- **Problem**:
Omit the images, then repeat the listing exactly.

>>>>>

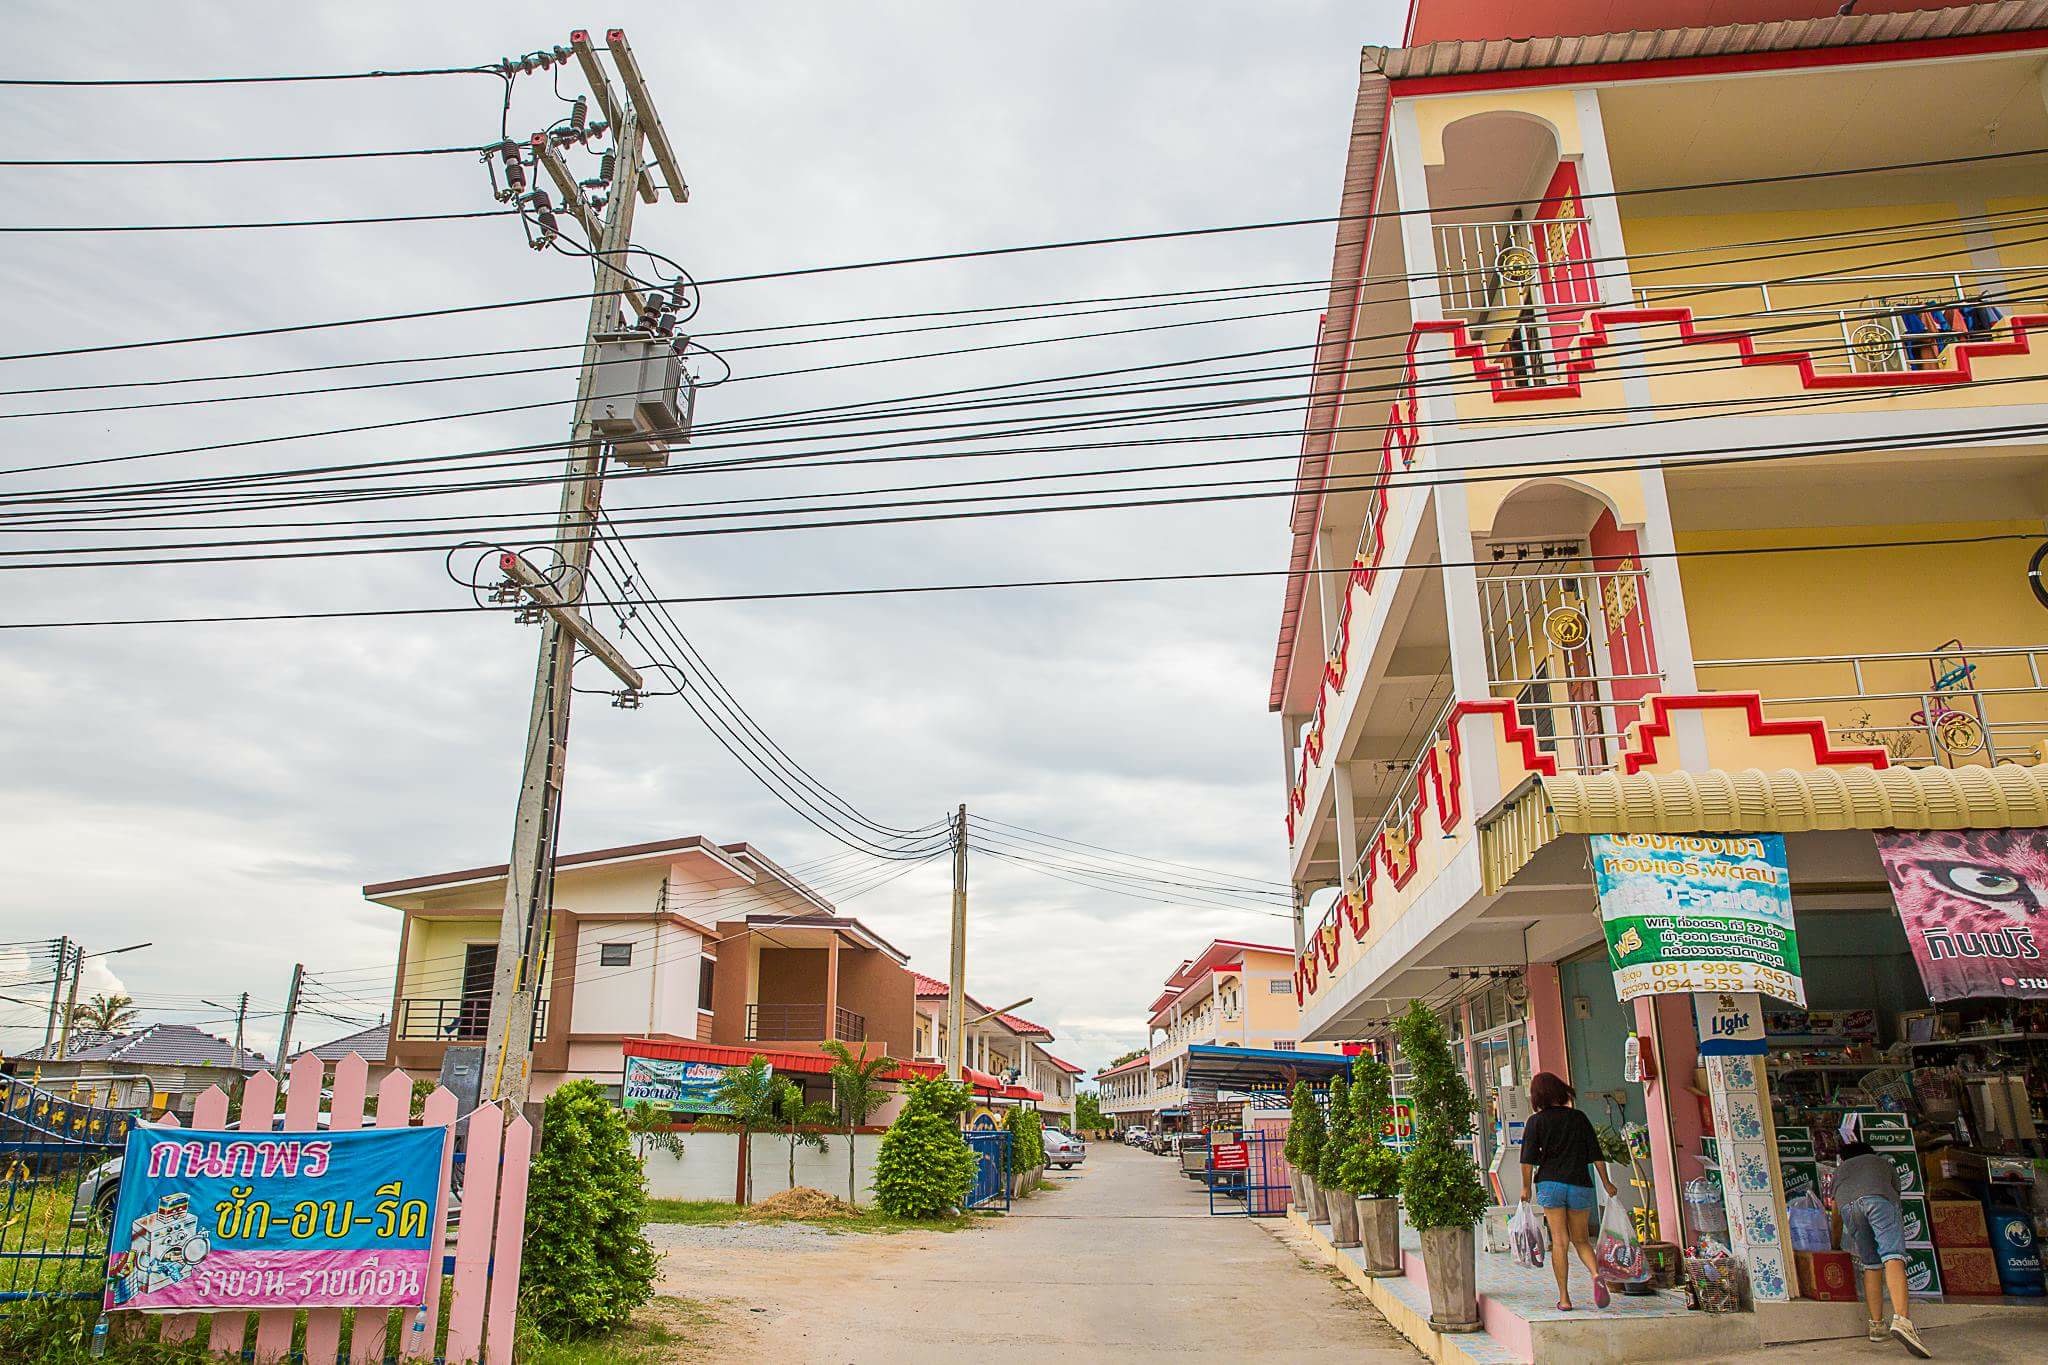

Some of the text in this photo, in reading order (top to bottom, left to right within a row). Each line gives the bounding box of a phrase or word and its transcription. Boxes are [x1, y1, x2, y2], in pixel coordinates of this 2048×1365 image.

[1613, 926, 1643, 958] ฟรี
[1747, 923, 1763, 934] 32
[1922, 927, 2040, 960] กินฟรี
[1651, 963, 1744, 977] 081-996
[1751, 965, 1794, 986] 7861
[1653, 978, 1745, 993] 094-553
[1753, 979, 1798, 1001] 8878
[147, 1140, 332, 1178] กนกพร
[1784, 1172, 1810, 1189] hang
[214, 1180, 430, 1240] ซัก-อบ-รีด
[198, 1256, 421, 1298] รายวัน-รายเดือน

<<<<<

- **Answer space**:
Some of the text in this photo, in reading order (top to bottom, left to right within a row). Each line gives the bounding box of a phrase or word and its transcription. Boxes are [x1, y1, x2, y2], in pixel coordinates of this 2048×1365 image.

[1613, 926, 1643, 958] ฟรี
[1747, 923, 1763, 934] 32
[1922, 927, 2040, 960] กินฟรี
[1651, 963, 1744, 977] 081-996
[1751, 965, 1794, 986] 7861
[1653, 978, 1745, 993] 094-553
[1753, 979, 1798, 1001] 8878
[147, 1140, 332, 1178] กนกพร
[1784, 1172, 1810, 1189] hang
[214, 1180, 430, 1240] ซัก-อบ-รีด
[198, 1256, 421, 1298] รายวัน-รายเดือน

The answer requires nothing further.